Dataset records ▸
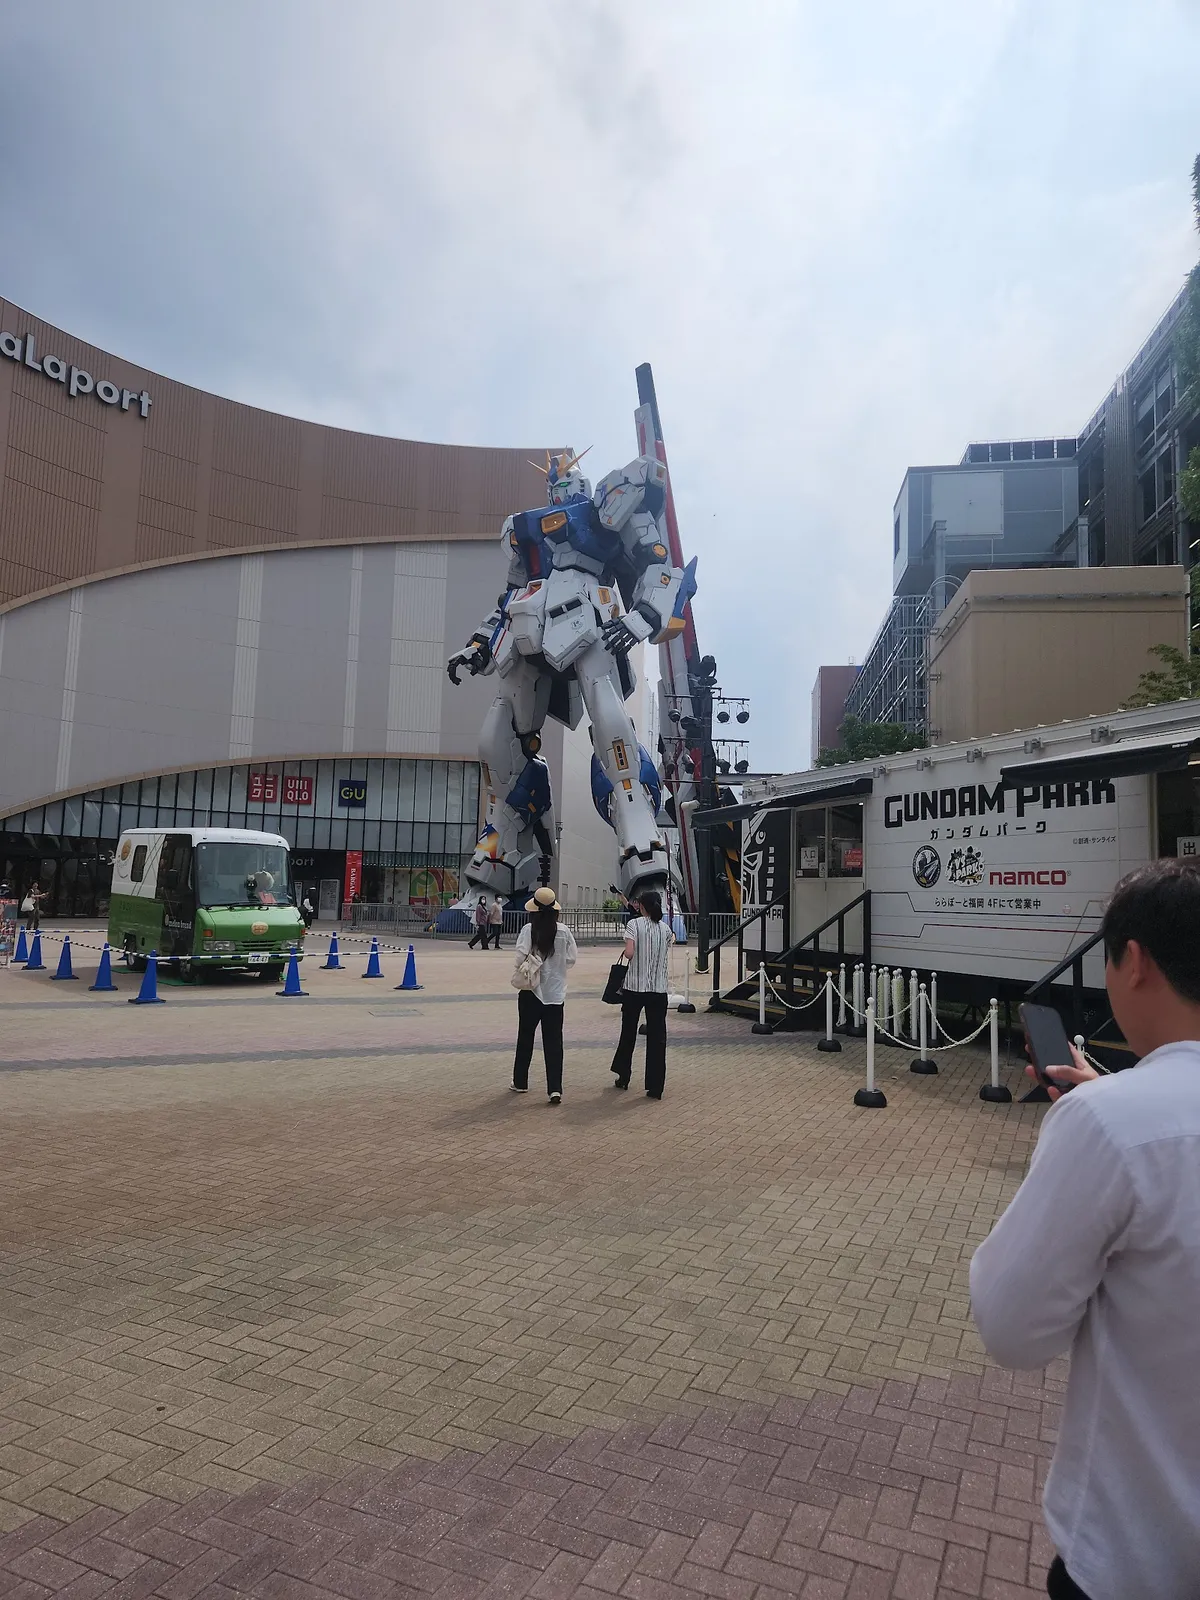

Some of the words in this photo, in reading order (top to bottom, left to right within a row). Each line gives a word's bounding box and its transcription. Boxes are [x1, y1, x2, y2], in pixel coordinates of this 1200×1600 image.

[253, 776, 274, 787] ユニ
[287, 779, 307, 790] UNI
[287, 790, 309, 802] QLO
[340, 787, 365, 800] GU
[885, 781, 1005, 828] GUNDAM
[1016, 777, 1116, 817] PARK
[930, 821, 1047, 840] ガンダムパーク
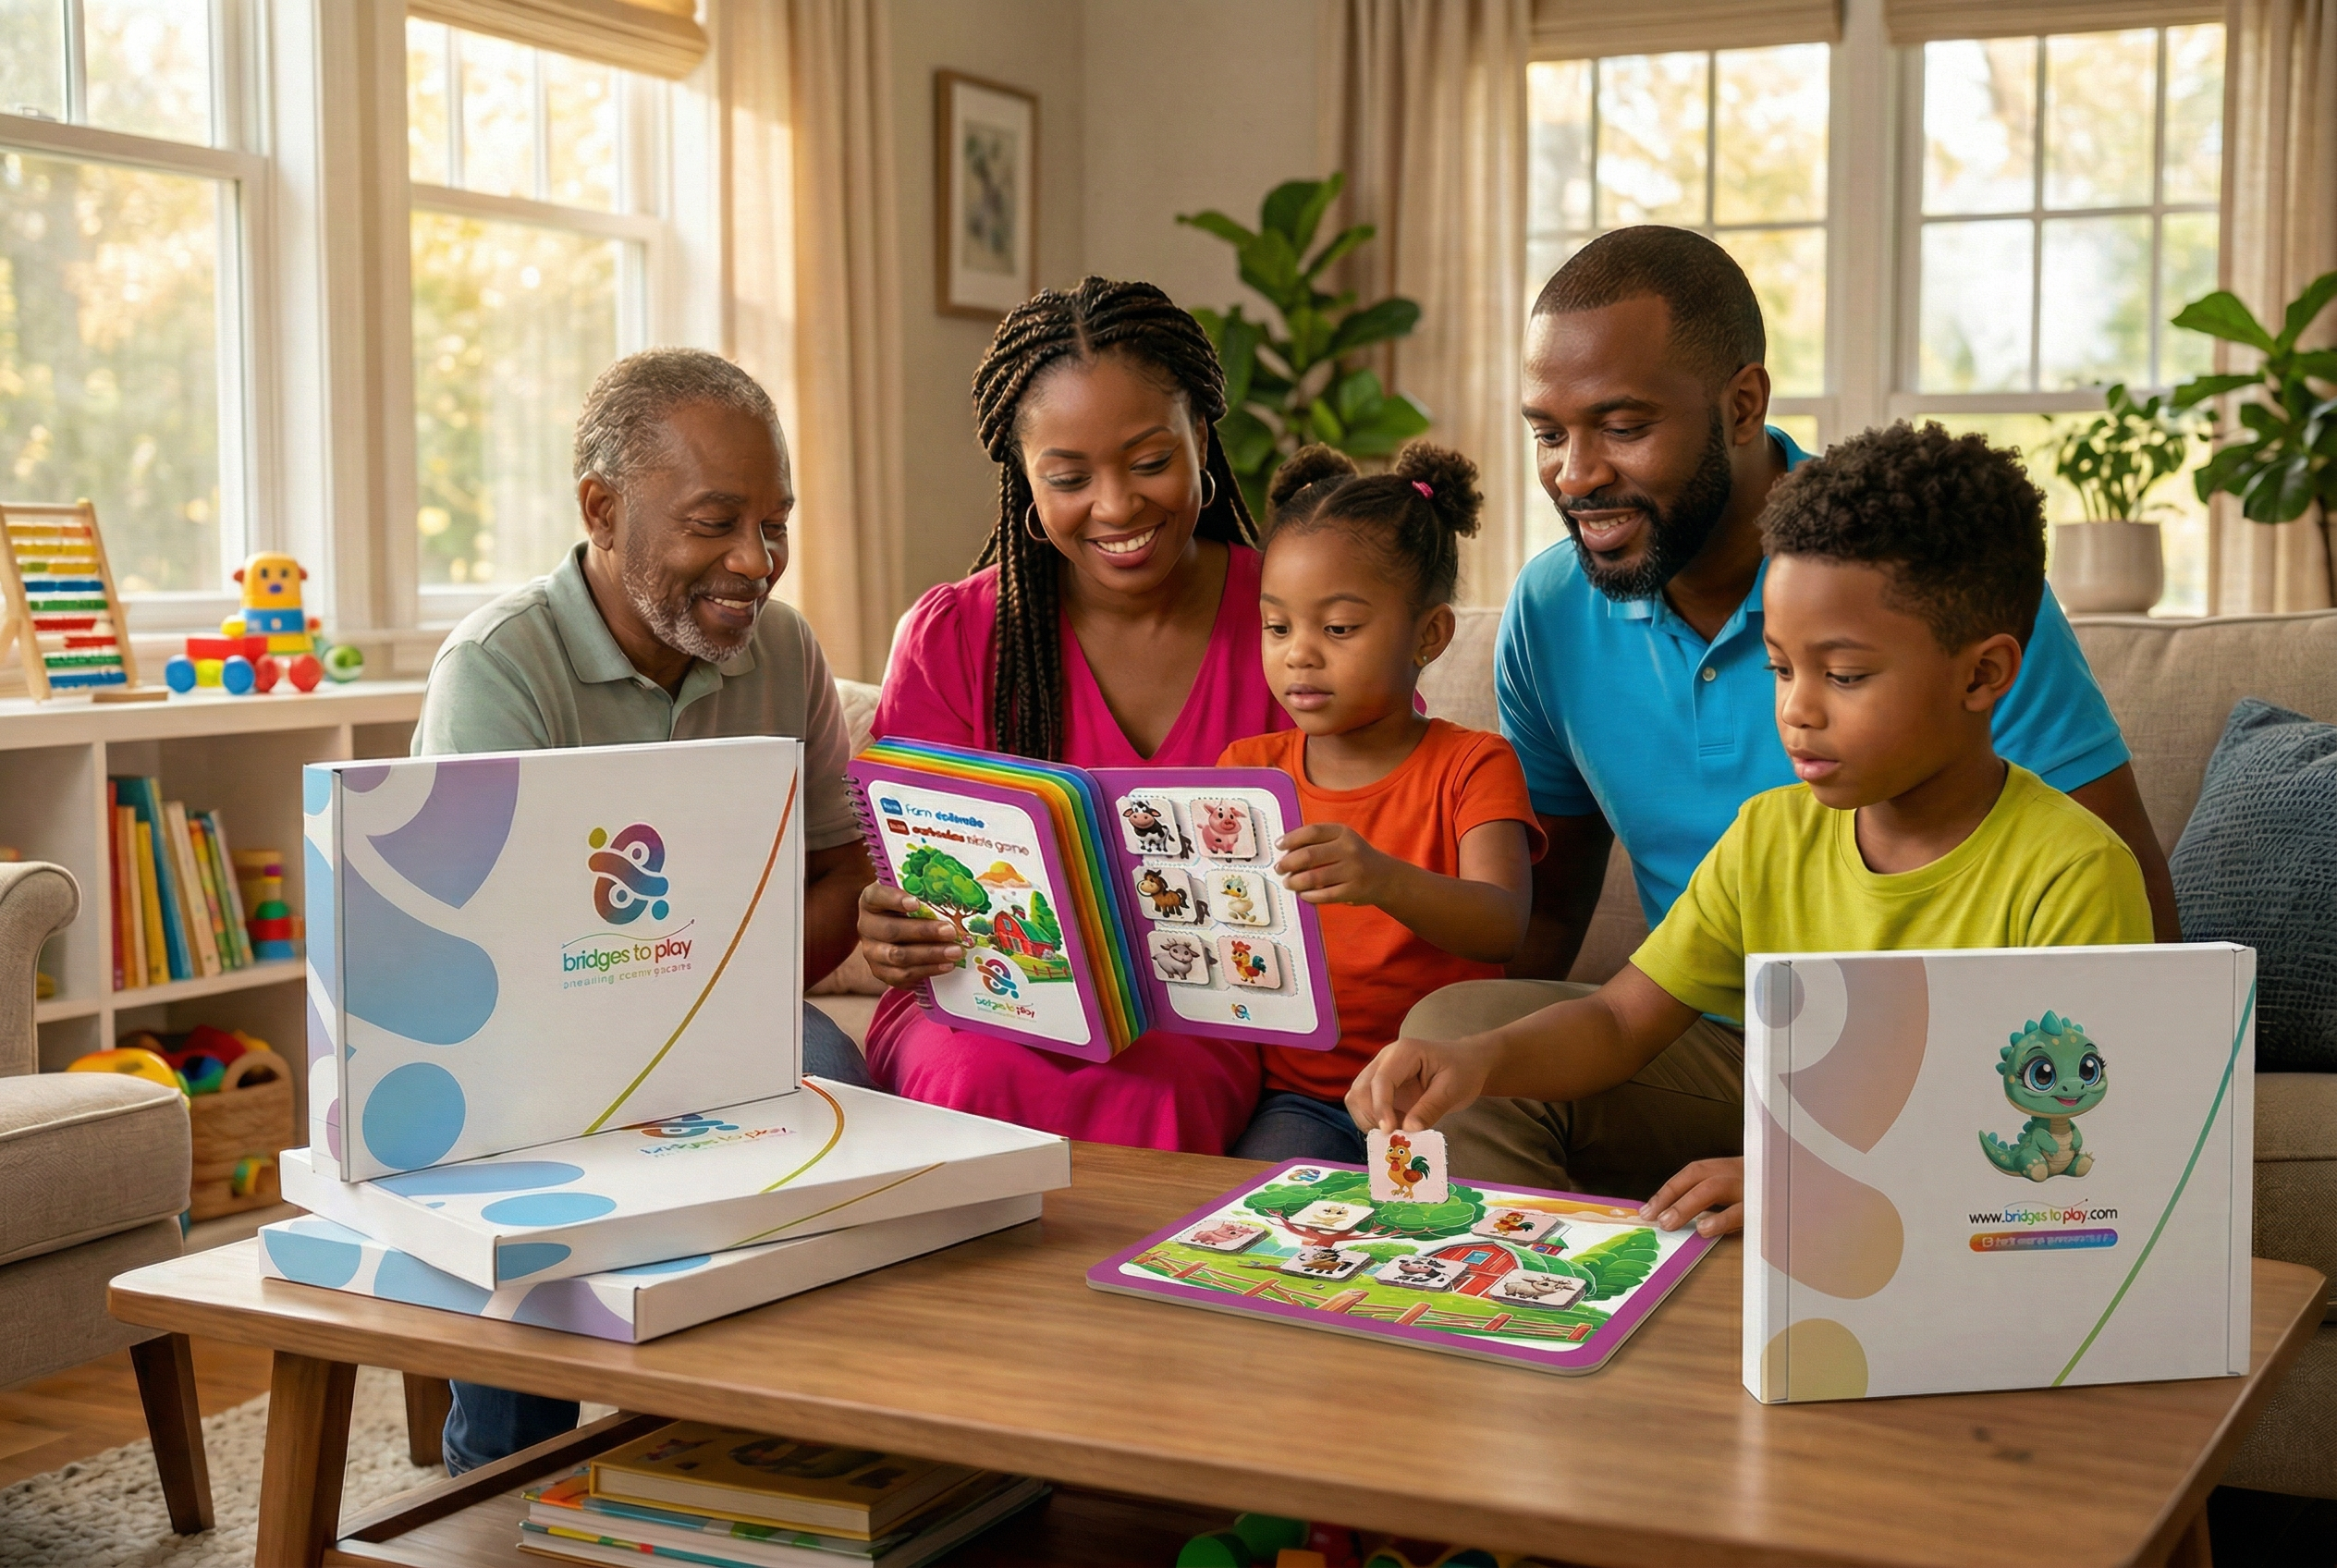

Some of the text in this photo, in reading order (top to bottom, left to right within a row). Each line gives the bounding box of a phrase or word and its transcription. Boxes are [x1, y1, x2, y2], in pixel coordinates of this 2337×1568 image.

[563, 938, 692, 972] bridges to play

What you will do ▸ Transcribe the material exactly, leaving every picture out.

Task answer ▸
Some of the words in this photo, in reading order (top to bottom, left to right within a row). Each line gives a word's bounding box and its transcription. Boxes are [x1, y1, x2, y2], in pixel coordinates of this 1200×1600 image.

[253, 776, 274, 787] ユニ
[287, 779, 307, 790] UNI
[287, 790, 309, 802] QLO
[340, 787, 365, 800] GU
[885, 781, 1005, 828] GUNDAM
[1016, 777, 1116, 817] PARK
[930, 821, 1047, 840] ガンダムパーク

Some of the text in this photo, in reading order (top to bottom, left to right within a row). Each line gives the bounding box of a phrase or word and its transcription. Boxes are [x1, y1, x2, y2], in pixel coordinates of this 2337×1568 image.

[563, 938, 692, 972] bridges to play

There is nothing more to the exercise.